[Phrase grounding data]
○ ○ ○ ○

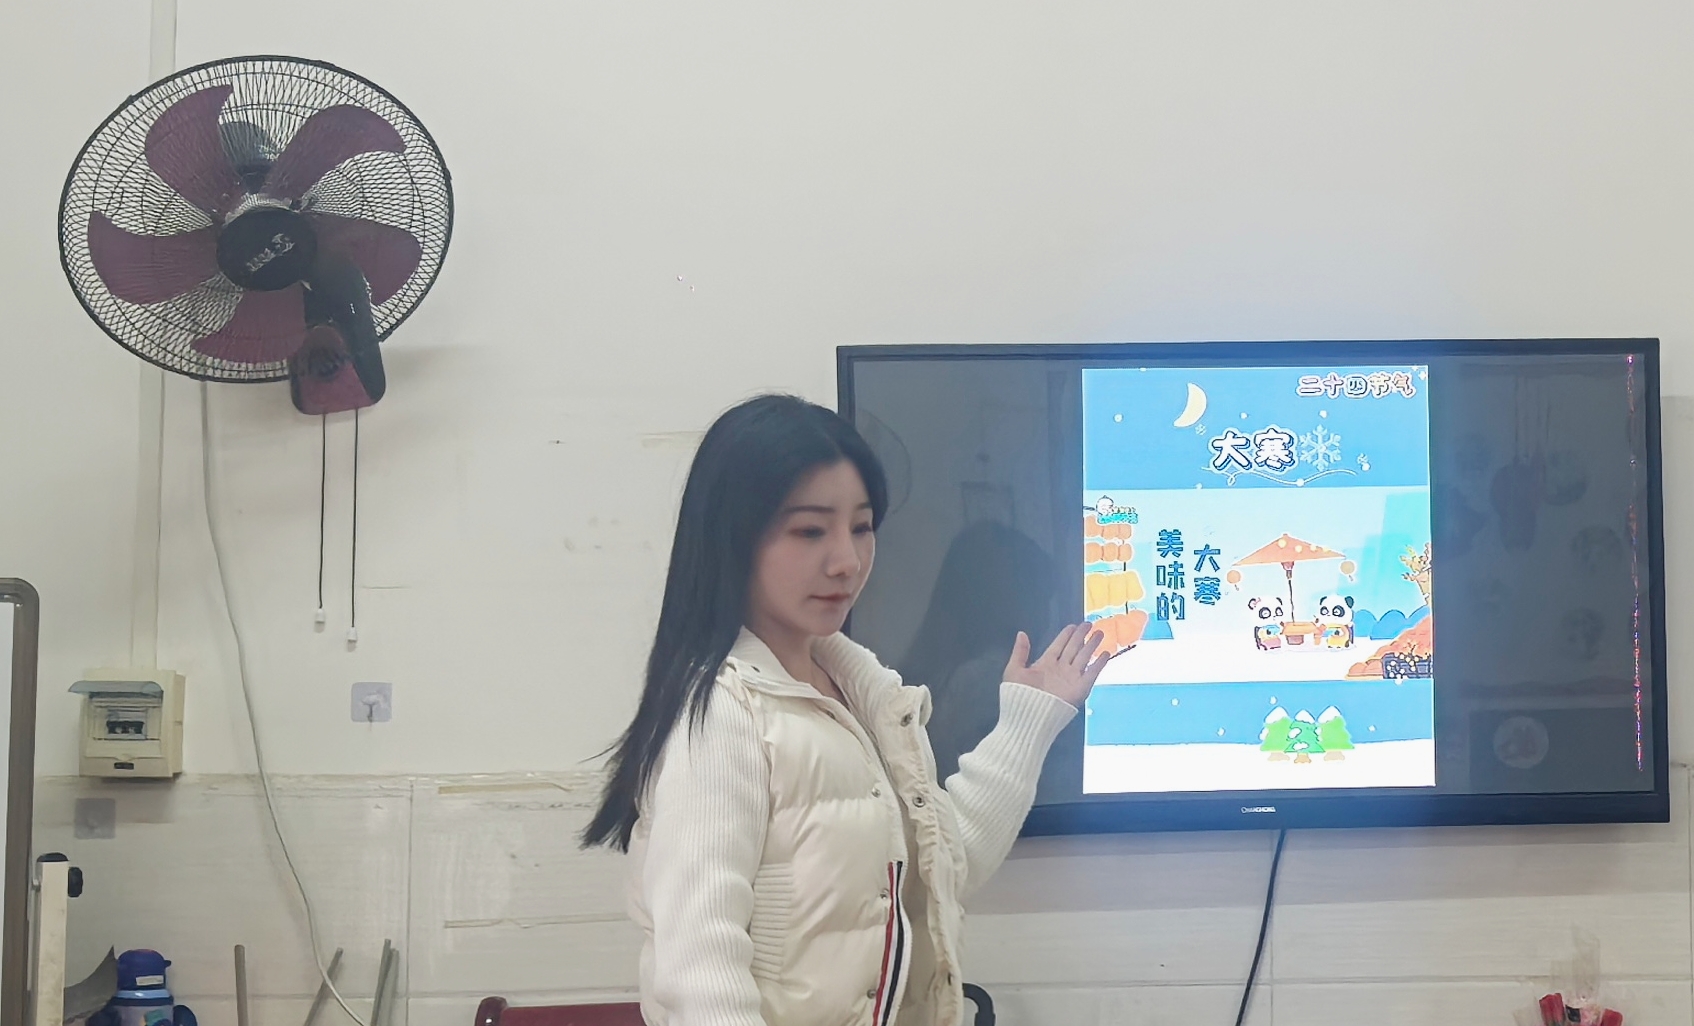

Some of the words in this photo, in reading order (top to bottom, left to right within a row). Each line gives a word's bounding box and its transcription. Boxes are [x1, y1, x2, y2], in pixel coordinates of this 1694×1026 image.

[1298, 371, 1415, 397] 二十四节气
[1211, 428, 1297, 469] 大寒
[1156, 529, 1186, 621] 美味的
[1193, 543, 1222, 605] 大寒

○ ○ ○ ○

**Assigned task:**
Your answer must be an exact copy of the records above, with every picture left out.

**Response below:**
Some of the words in this photo, in reading order (top to bottom, left to right within a row). Each line gives a word's bounding box and its transcription. Boxes are [x1, y1, x2, y2], in pixel coordinates of this 1694×1026 image.

[1298, 371, 1415, 397] 二十四节气
[1211, 428, 1297, 469] 大寒
[1156, 529, 1186, 621] 美味的
[1193, 543, 1222, 605] 大寒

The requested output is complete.